Spatial localization data
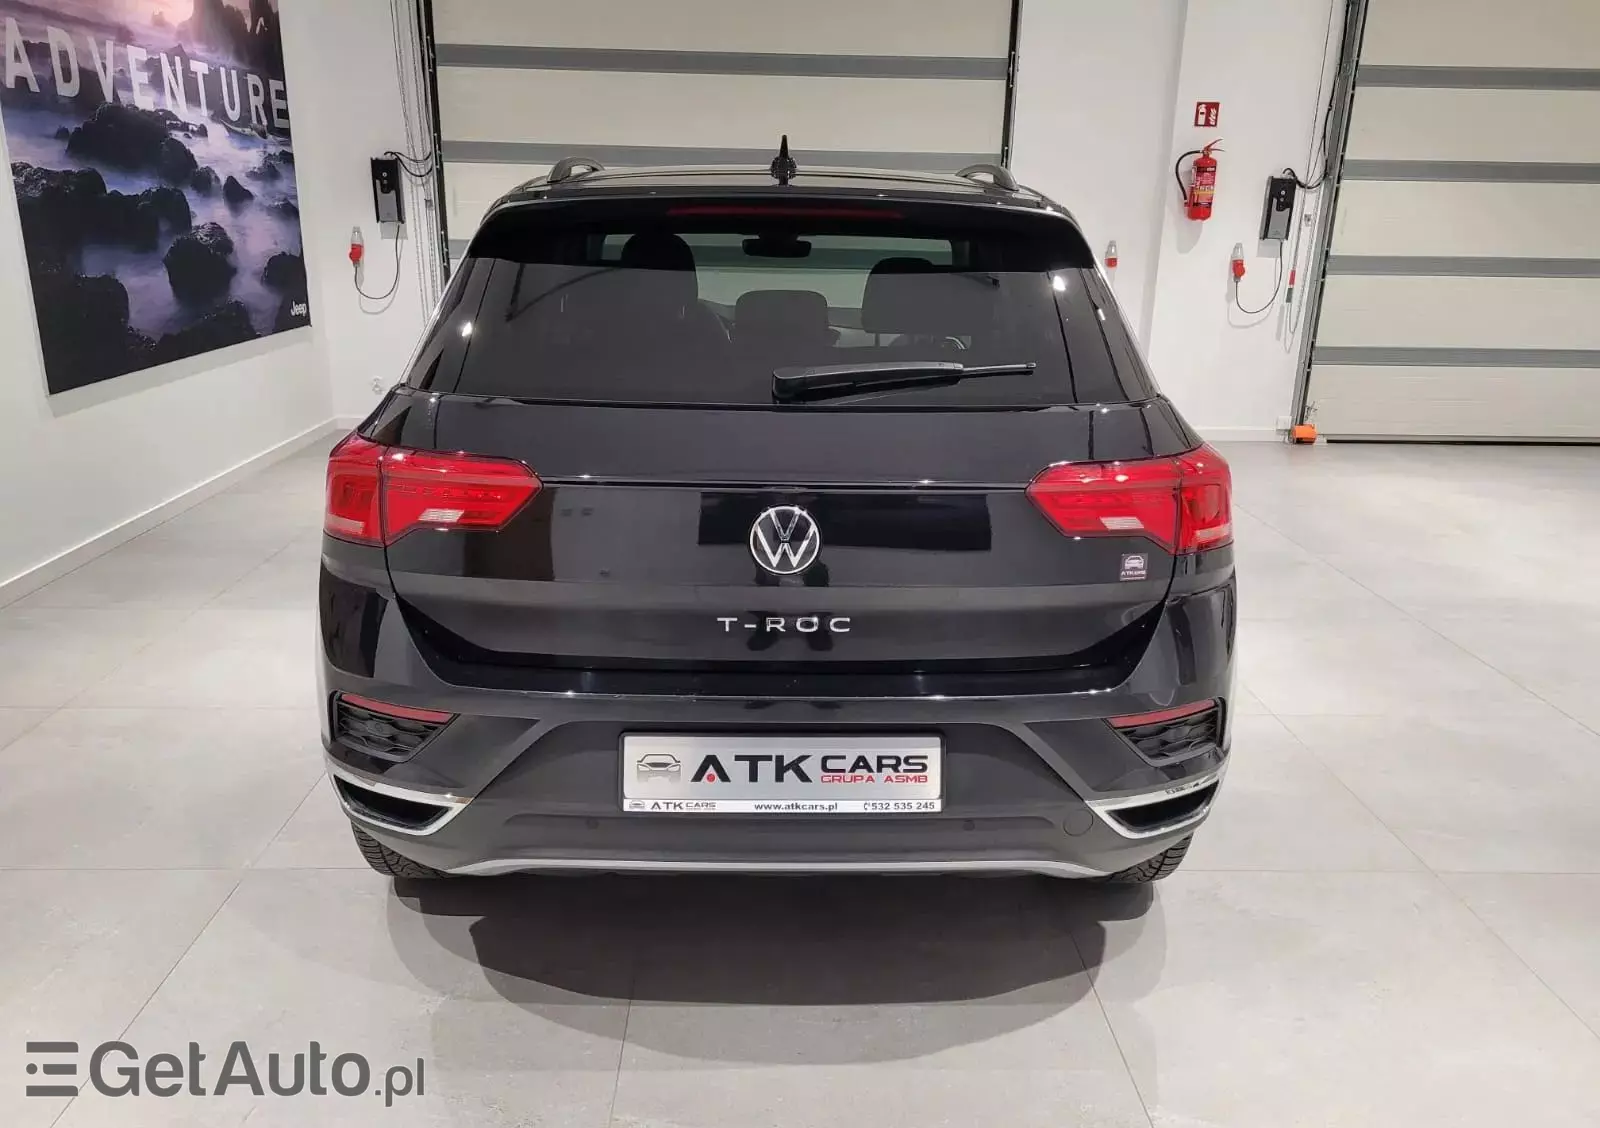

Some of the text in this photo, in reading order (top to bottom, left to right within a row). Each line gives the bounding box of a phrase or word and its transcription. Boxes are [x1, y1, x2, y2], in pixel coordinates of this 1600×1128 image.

[4, 17, 290, 129] ADVENTURE
[290, 300, 307, 317] Jeep
[716, 617, 851, 632] T-ROC
[690, 754, 929, 783] ATK CARS
[820, 774, 929, 783] GRUPA ASMB
[650, 801, 683, 810] ATK
[754, 802, 838, 812] www.atkcars.pl
[871, 801, 935, 810] 532 535 245

◆ **TASK DETAILS**:
Each line above should be written out again unchanged; no images are to be carried over.

◆ **ANSWER AREA**:
Some of the text in this photo, in reading order (top to bottom, left to right within a row). Each line gives the bounding box of a phrase or word and its transcription. Boxes are [x1, y1, x2, y2], in pixel coordinates of this 1600×1128 image.

[4, 17, 290, 129] ADVENTURE
[290, 300, 307, 317] Jeep
[716, 617, 851, 632] T-ROC
[690, 754, 929, 783] ATK CARS
[820, 774, 929, 783] GRUPA ASMB
[650, 801, 683, 810] ATK
[754, 802, 838, 812] www.atkcars.pl
[871, 801, 935, 810] 532 535 245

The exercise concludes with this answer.